Interaction of two bodies

We know that when interacting, both bodies act on each other. It does not happen that one body pushes another, and the second in response would not react in any way. This can happen among differently educated people, but not in nature.

We know that if we kick the ball, the ball kicks us back. Another thing is that the ball has a much smaller mass than the human body, and therefore its impact is practically not noticeable.

However, if you try to kick a heavy iron ball, you will vividly feel this response. In fact, we kick a very, very heavy ball to our planet many times every day. We push it with every step we take, only at the same time it is not she who flies away, but we. And all because the planet is millions of times larger than us in mass.

The ratio of forces in the interaction between bodies

So from these considerations it can be seen that when two bodies interact, not only the first acts on the second with some force, but the second in response acts on the first also with some force. The question arises: how are these forces related? Which one is bigger, which one is smaller?

To do this, you need to make some measurements. You will need two dynamometers, but at home I can easily replace them with two steelyards. They measure weight, and weight is also a force, only expressed in units of mass in the case of a steelyard. Therefore, if you have two steelyards, then do the following.

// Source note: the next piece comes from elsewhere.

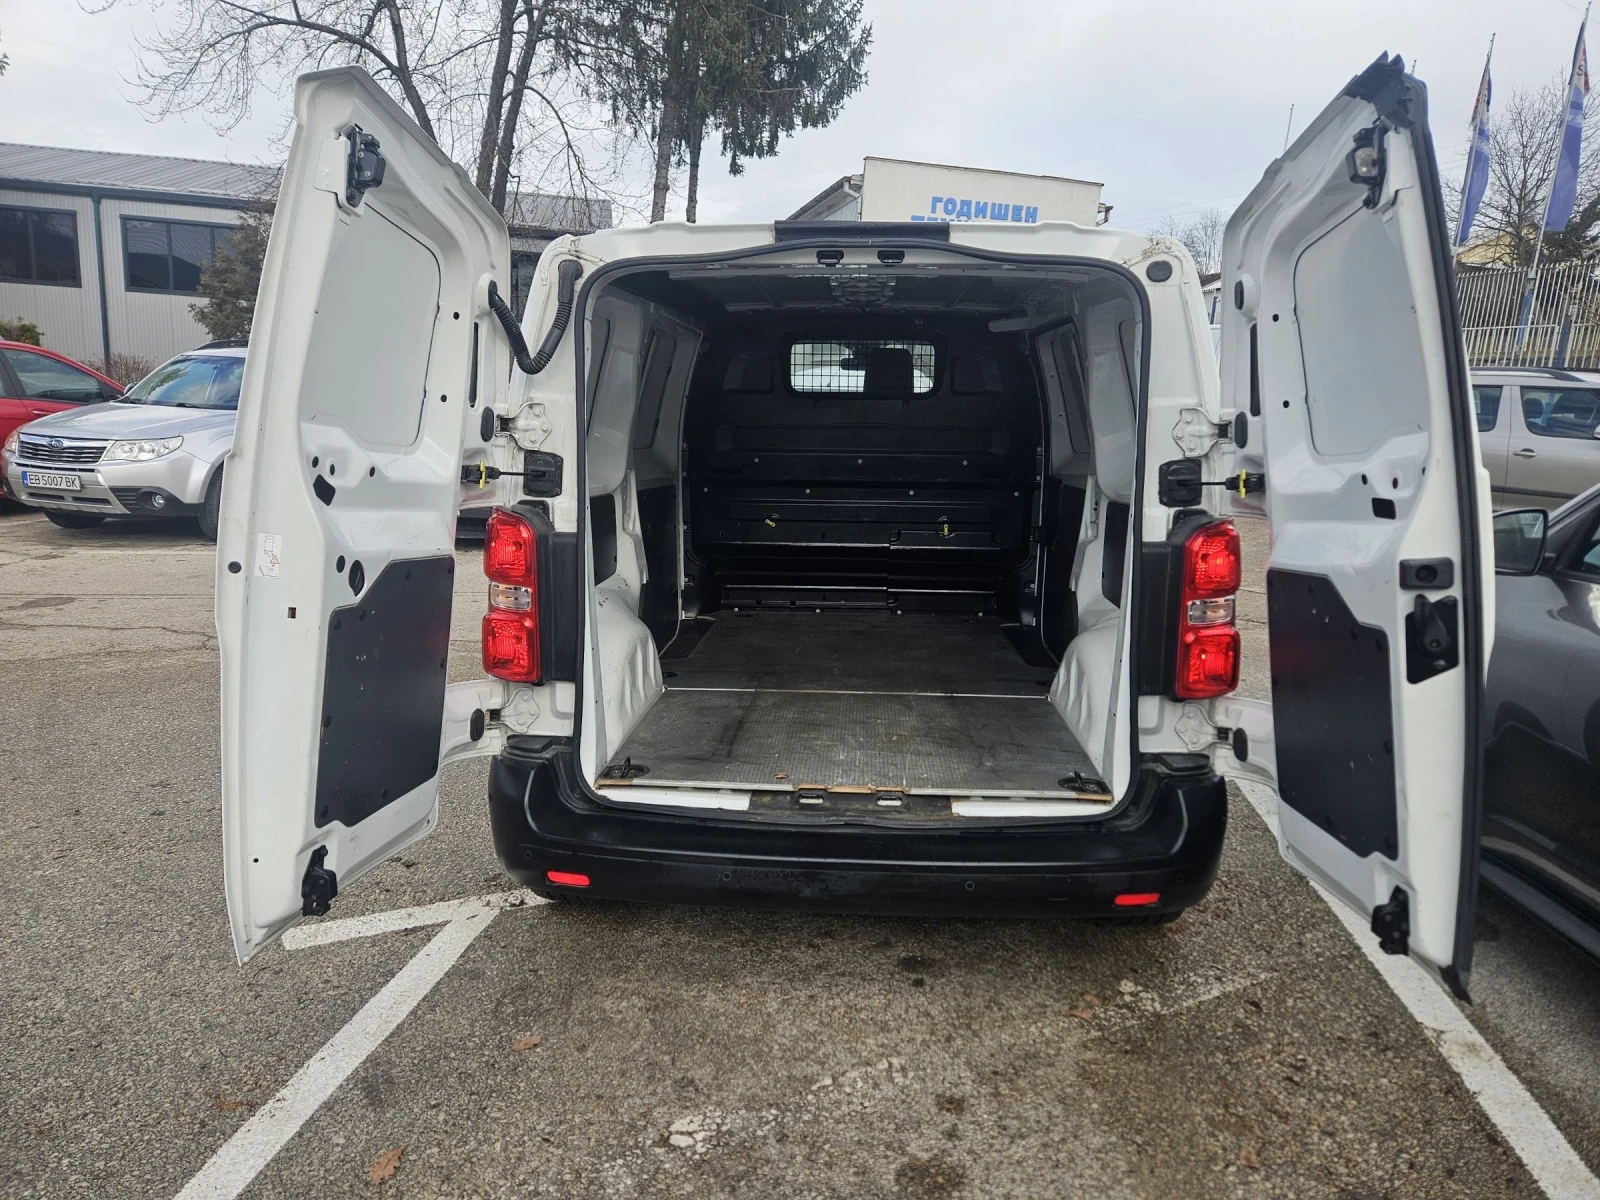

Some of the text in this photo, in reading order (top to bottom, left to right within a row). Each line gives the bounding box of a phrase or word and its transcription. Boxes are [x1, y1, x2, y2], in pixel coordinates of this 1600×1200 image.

[930, 196, 1038, 223] ГОДИШЕН
[28, 473, 40, 485] EB
[42, 475, 63, 487] 5007
[65, 477, 78, 488] BK

Put one of them with a ring on something motionless, for example, on a nail in the wall, and connect the second to the first with hooks. And pull the ring of the second steelyard. Follow the readings of both instruments. Each of them will show the force with which the other steelyard acts on it.

And although we are only pulling for one of them, it turns out that the testimony of both, as at a confrontation, will coincide. It turns out that the force with which we act on the first steelyard with the second is equal to the force with which the first steelyard acts on the second.

Newton's third law: definition and formula

The force of action is equal to the force of reaction. This is the essence of Newton's third law. Its definition is as follows: the forces with which two bodies act on each other are equal in magnitude and opposite in direction. Newton's third law can be written as a formula:

F_1 = - F_2,

Where F_1 and F_2 are the forces of action on each other, respectively, of the first and second bodies.

The validity of Newton's third law has been confirmed by numerous experiments. This law is valid both for the case when one body pulls another, and for the case when the bodies repel each other. All bodies in the universe interact with each other, obeying this law.